Oil prices stabilized as traders weighed signs of declining US inventories and tensions in the Middle East on the one hand, and expectations of increased supplies on the other.

Global benchmark Brent crude is trading below $80 a barrel after falling yesterday, Tuesday, while West Texas Intermediate crude was trading above $74. The American Petroleum Institute reported that inventories nationwide fell by about 7 million barrels last week, including a decline in Cushing, Oklahoma. Official numbers are scheduled to be released later on Wednesday.

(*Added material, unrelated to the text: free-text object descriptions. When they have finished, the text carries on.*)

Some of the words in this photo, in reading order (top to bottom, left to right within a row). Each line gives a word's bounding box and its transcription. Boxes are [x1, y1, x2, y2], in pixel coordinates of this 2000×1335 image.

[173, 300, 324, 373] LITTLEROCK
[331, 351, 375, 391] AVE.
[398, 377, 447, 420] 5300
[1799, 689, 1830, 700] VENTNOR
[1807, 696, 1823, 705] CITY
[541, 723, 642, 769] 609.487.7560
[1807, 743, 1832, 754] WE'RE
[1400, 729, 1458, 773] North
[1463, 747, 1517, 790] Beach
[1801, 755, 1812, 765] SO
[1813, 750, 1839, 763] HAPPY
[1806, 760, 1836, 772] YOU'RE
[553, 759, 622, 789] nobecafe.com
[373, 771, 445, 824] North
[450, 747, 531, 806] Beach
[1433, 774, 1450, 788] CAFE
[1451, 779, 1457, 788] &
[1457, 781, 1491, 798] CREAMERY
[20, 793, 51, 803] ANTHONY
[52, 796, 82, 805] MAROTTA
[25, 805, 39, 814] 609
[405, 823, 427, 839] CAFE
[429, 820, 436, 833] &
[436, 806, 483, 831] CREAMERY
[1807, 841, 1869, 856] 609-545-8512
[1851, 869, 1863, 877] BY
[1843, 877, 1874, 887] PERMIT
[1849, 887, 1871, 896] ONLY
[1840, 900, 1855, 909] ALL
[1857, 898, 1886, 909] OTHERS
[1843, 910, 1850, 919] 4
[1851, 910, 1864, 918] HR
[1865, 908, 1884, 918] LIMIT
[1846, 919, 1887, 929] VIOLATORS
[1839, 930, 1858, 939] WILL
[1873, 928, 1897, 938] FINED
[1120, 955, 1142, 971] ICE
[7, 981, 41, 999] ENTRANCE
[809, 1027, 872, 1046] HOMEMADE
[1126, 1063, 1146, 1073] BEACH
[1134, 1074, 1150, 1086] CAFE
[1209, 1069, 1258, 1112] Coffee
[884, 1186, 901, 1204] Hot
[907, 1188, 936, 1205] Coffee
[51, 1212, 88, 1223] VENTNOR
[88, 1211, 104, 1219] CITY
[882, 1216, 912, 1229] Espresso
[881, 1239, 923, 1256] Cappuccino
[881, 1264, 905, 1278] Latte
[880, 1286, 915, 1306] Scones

In the Middle East, traders were assessing the impact of recent US and British strikes against the Iran-backed Houthis in Yemen aimed at halting attacks on ships. While a trade group said the United States advised ships crossing the Red Sea to exercise extreme caution, some owners decided not to resume passage. Elsewhere, US forces carried out air strikes on a militia supported by Tehran in Iraq.

Geopolitical risks

Oil was range-bound in January, with geopolitical risks countered by expectations that supplies from non-OPEC producers will continue to expand. Oil major Gunvor Group Ltd said the first half of the year will be dominated by production growth from outside the group, which will eventually stabilize, with markets remaining in a restricted range.

S&P: OPEC+ may reduce oil production again in the first quarter

“We believe oil markets are well supplied, and that is likely to continue this year,” said Vivek Dhar, mining and energy commodities analyst at Australian Commonwealth Bank. He added that while the situation in the Red Sea has increased trade costs, it is unlikely to materially increase oil prices, given that supplies have not been directly affected.

The US crude inventory report comes after inventories declined in three of the past four weeks, and amid disruptions caused by a wave of cold weather. Freezing conditions reduced supplies from shale drillers in the Bakken Basin and hampered refining operations.

The price differences between the two closest oil contracts indicate a near-term uptrend. The gap reached 44 cents per barrel, in the case of Backorder, compared to 3 cents at the beginning of the year.